■ Dataset records:

'''

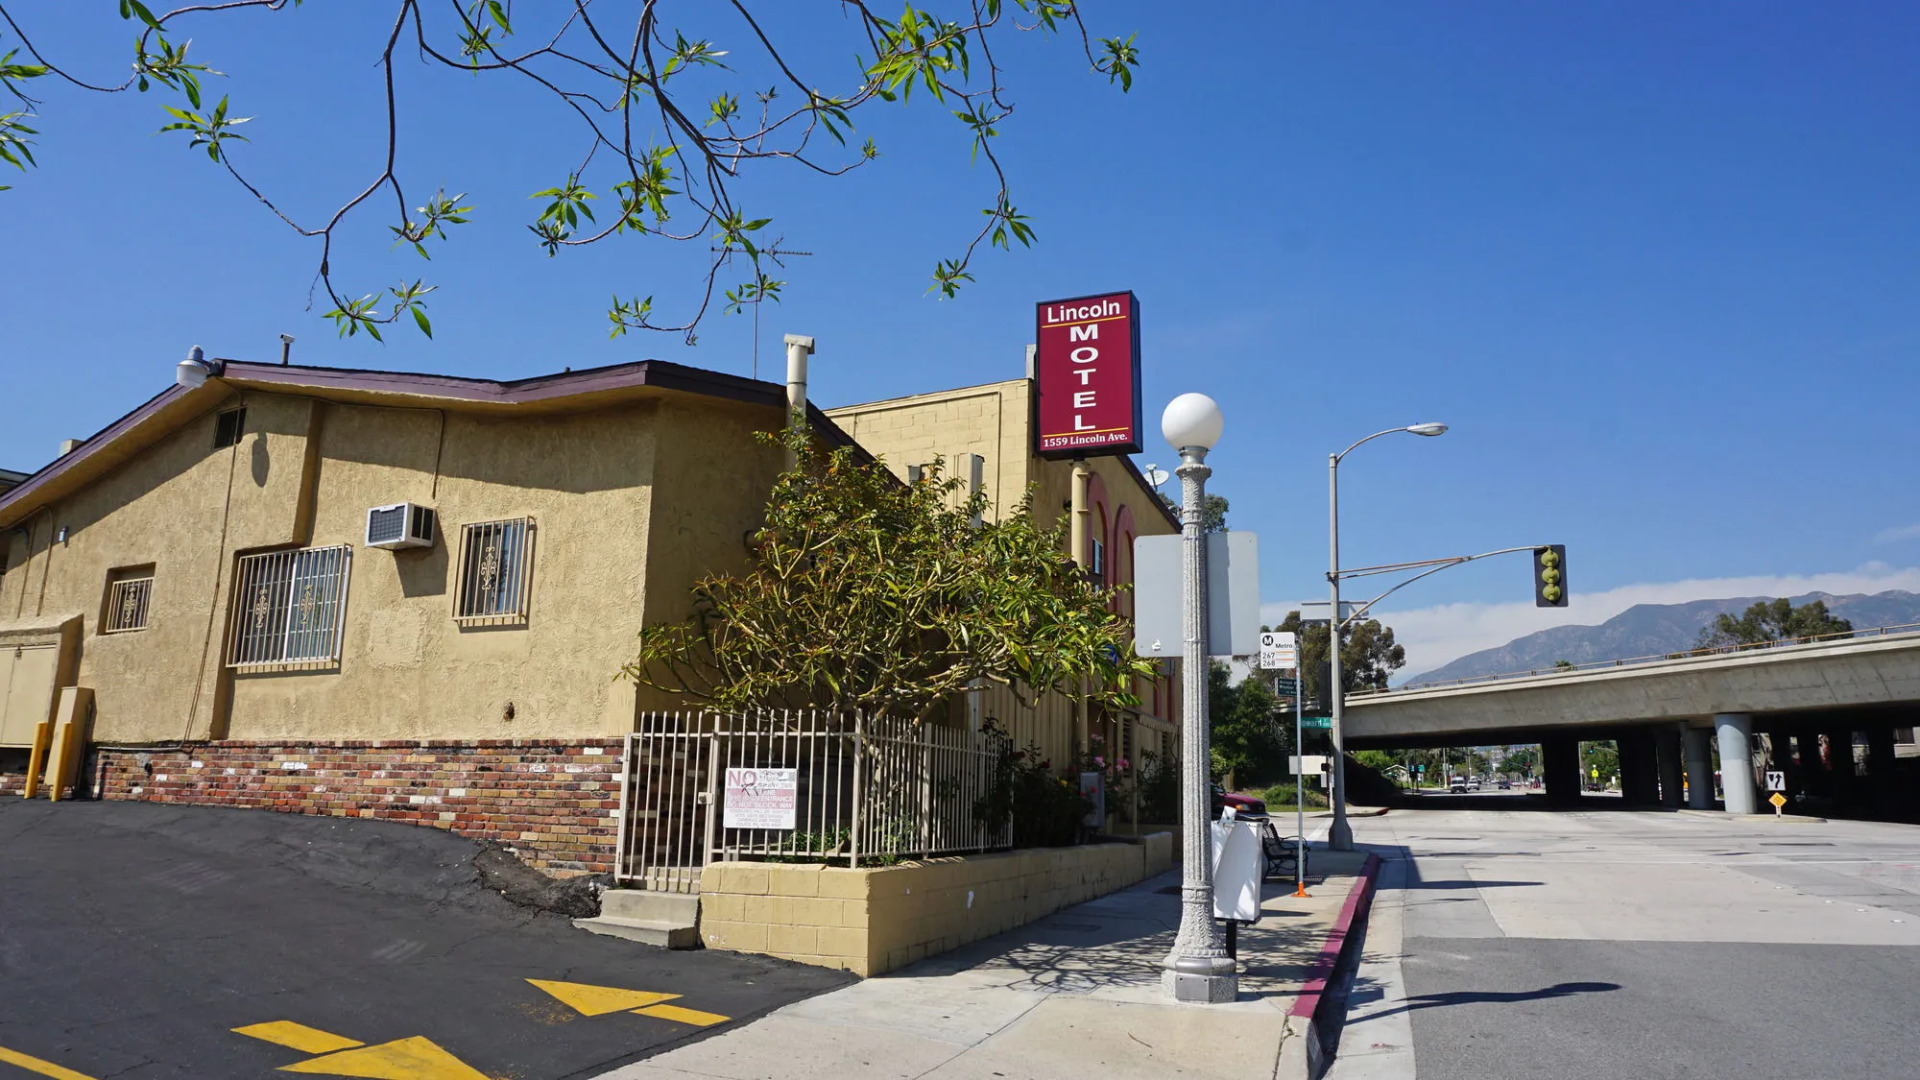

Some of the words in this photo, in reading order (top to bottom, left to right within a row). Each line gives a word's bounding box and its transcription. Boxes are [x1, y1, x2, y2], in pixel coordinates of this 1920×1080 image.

[1047, 299, 1121, 323] Lincoln
[1070, 323, 1098, 431] MOTEL
[1043, 437, 1068, 447] 1559
[1070, 433, 1106, 445] Lincoln
[1107, 432, 1128, 442] Ave.
[1262, 652, 1276, 660] 267
[728, 770, 757, 787] NO
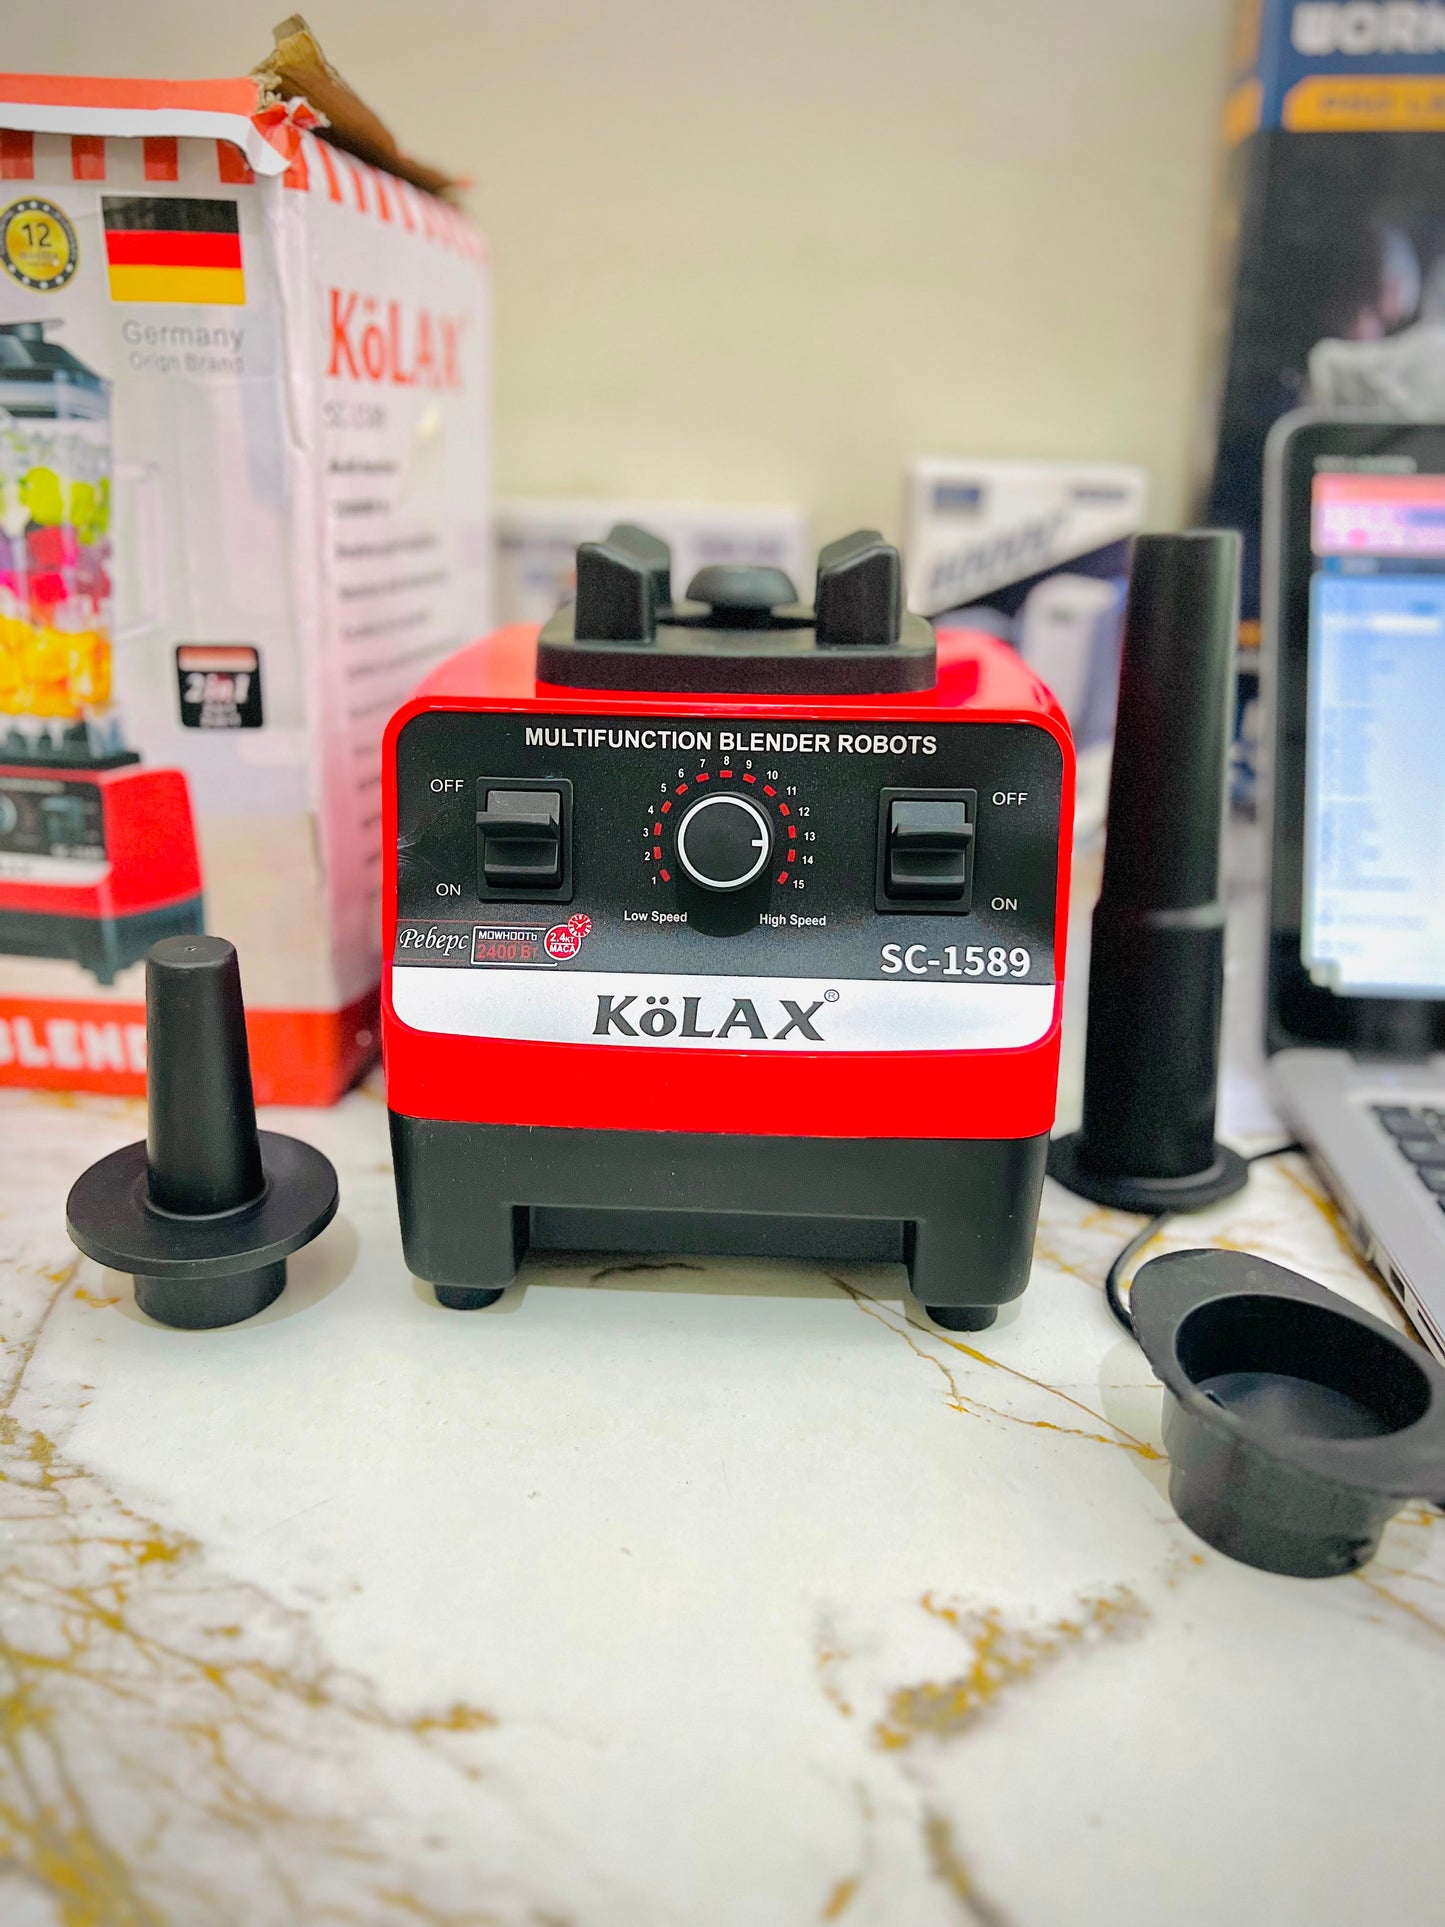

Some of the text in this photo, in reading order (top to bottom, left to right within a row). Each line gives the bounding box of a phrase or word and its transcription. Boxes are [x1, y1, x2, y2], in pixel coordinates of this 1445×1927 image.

'''

■ Problem to solve:
Would you output each entry exactly and leave the pictures behind?

■ Response area:
Some of the words in this photo, in reading order (top to bottom, left to right within a row). Each line gives a word's bounding box and its transcription. Boxes are [x1, y1, x2, y2], in pixel coordinates of this 1920×1080 image.

[1047, 299, 1121, 323] Lincoln
[1070, 323, 1098, 431] MOTEL
[1043, 437, 1068, 447] 1559
[1070, 433, 1106, 445] Lincoln
[1107, 432, 1128, 442] Ave.
[1262, 652, 1276, 660] 267
[728, 770, 757, 787] NO

Some of the text in this photo, in reading order (top to bottom, left to right within a row). Each line gives the bounding box of a phrase or word and its transcription. Boxes are [x1, y1, x2, y2], in pixel coordinates of this 1445×1927 image.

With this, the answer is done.